# Newspaper Stacks for Newsies



## hbarker (Feb 18, 2019)

Looking for ideas on how to make the newspaper stacks for Newsies. They need to be able to be stood on. The ones from the Broadway version were vacuum formed, but we don't have that ability. 

Thanks for the ideas!


----------



## bobgaggle (Feb 18, 2019)

Plywood box, skin it with 1" foam, carve, apply hardcoat, paint.


----------



## Amiers (Feb 18, 2019)

I mean. Newspapers are pretty sturdy. Get a stack and schlack them maybe hide a piece of plywood under the top sheet they they got heels on.


----------



## Van (Feb 18, 2019)

Amiers said:


> I mean. Newspapers are pretty sturdy. Get a stack and schlack them maybe hide a piece of plywood under the top sheet they they got heels on.

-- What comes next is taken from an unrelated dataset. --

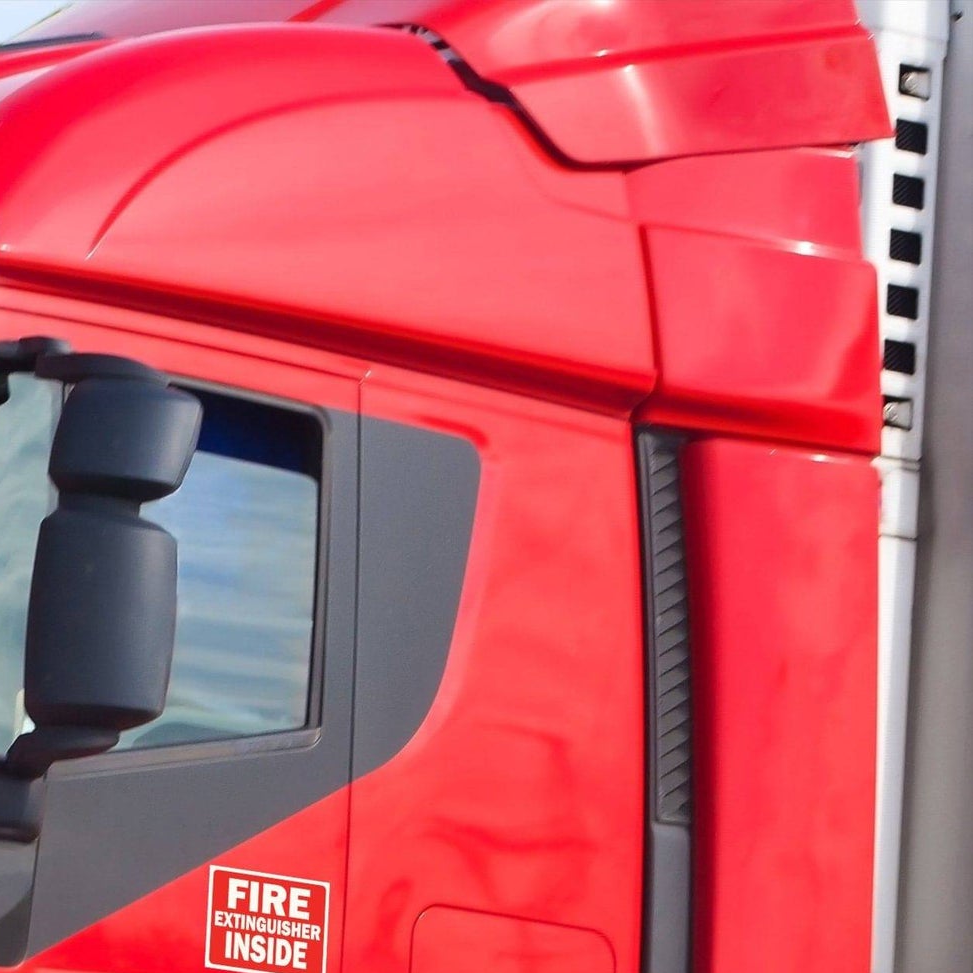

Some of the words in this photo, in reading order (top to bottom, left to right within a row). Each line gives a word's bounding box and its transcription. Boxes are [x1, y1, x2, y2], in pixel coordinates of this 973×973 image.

If I were going to do that I would probaly run some all thread through the stacks, at the corners, as newspaper stacks can slip. 
You also might think about building a 'rehearsal cube' then cutting out the middle of a bunch of papers then stack them around the outside of the cube.


----------



## Butch! (Feb 18, 2019)

bobgaggle said:


> Plywood box, skin it with 1" foam, carve, apply hardcoat, paint.



That's what we're doing for a production about a month from now.


----------



## putzeye (May 21, 2019)

Butch! said:


> That's what we're doing for a production about a month from now.


How did these turn out for you? Any tricks you learned or anything to stay away from?


----------